**Assigned task:** Please give the listing again in full, leaving out its images.

**Available data:**

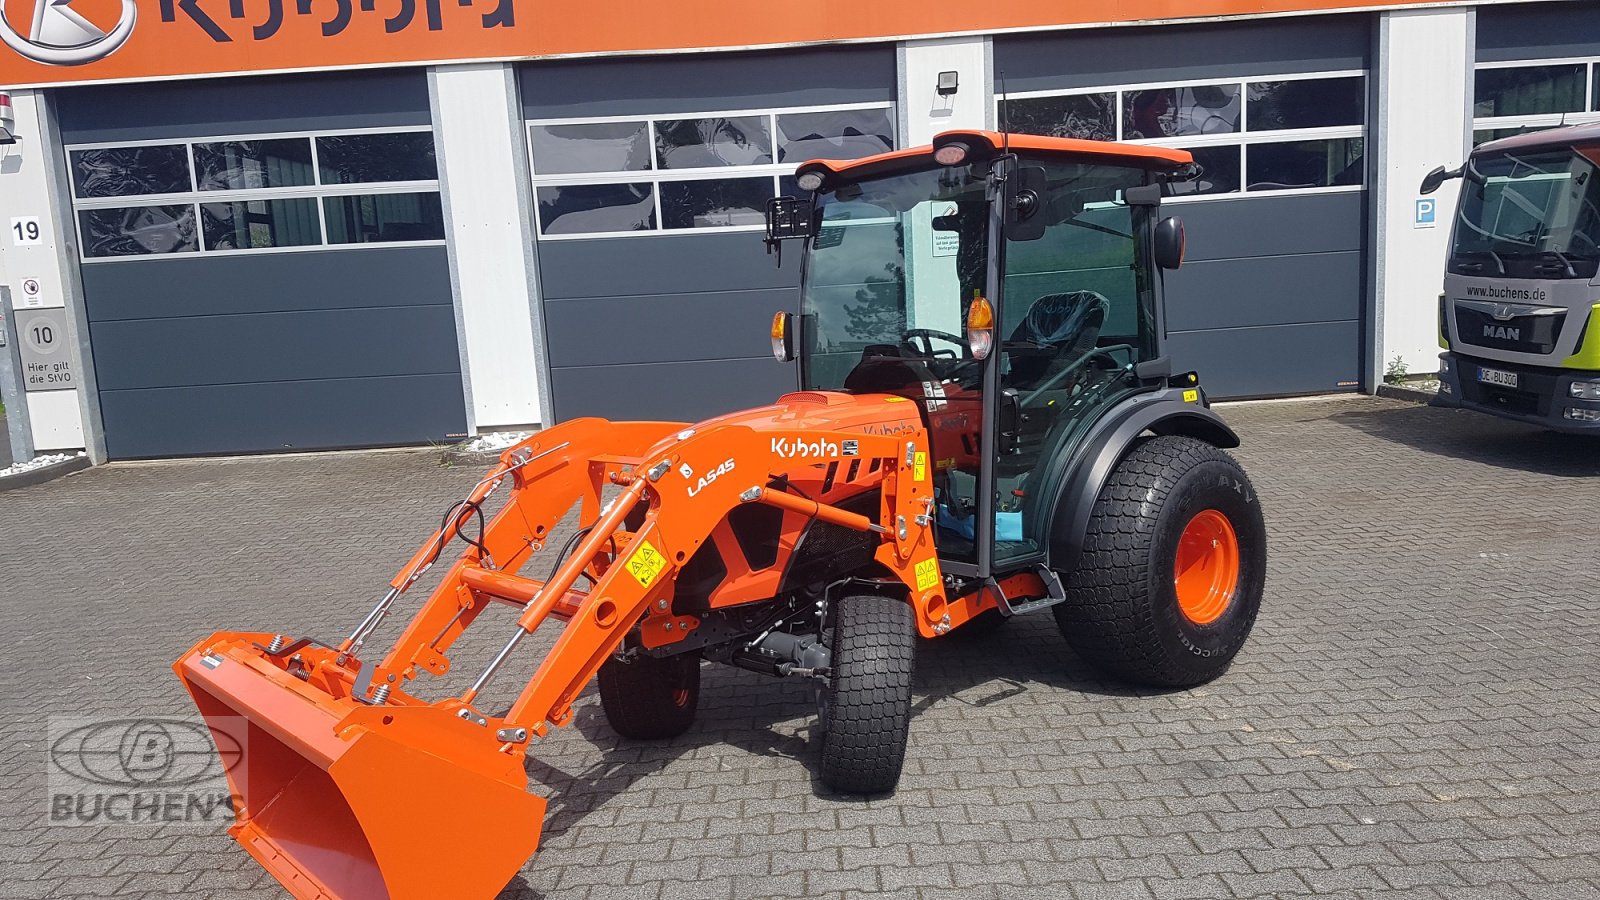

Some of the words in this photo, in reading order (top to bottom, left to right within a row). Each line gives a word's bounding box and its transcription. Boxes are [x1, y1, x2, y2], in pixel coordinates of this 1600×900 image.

[1418, 201, 1433, 221] P
[14, 221, 39, 241] 19
[1466, 285, 1546, 301] www.buchens.de
[33, 326, 53, 344] 10
[1483, 325, 1520, 341] MAN
[28, 362, 48, 372] Hier
[53, 361, 69, 373] gilt
[30, 374, 44, 384] die
[47, 372, 71, 383] StVO
[771, 437, 838, 458] Kubota
[687, 458, 735, 497] LA545

**Expected output:**
Some of the words in this photo, in reading order (top to bottom, left to right within a row). Each line gives a word's bounding box and its transcription. Boxes are [x1, y1, x2, y2], in pixel coordinates of this 1600×900 image.

[1418, 201, 1433, 221] P
[14, 221, 39, 241] 19
[1466, 285, 1546, 301] www.buchens.de
[33, 326, 53, 344] 10
[1483, 325, 1520, 341] MAN
[28, 362, 48, 372] Hier
[53, 361, 69, 373] gilt
[30, 374, 44, 384] die
[47, 372, 71, 383] StVO
[771, 437, 838, 458] Kubota
[687, 458, 735, 497] LA545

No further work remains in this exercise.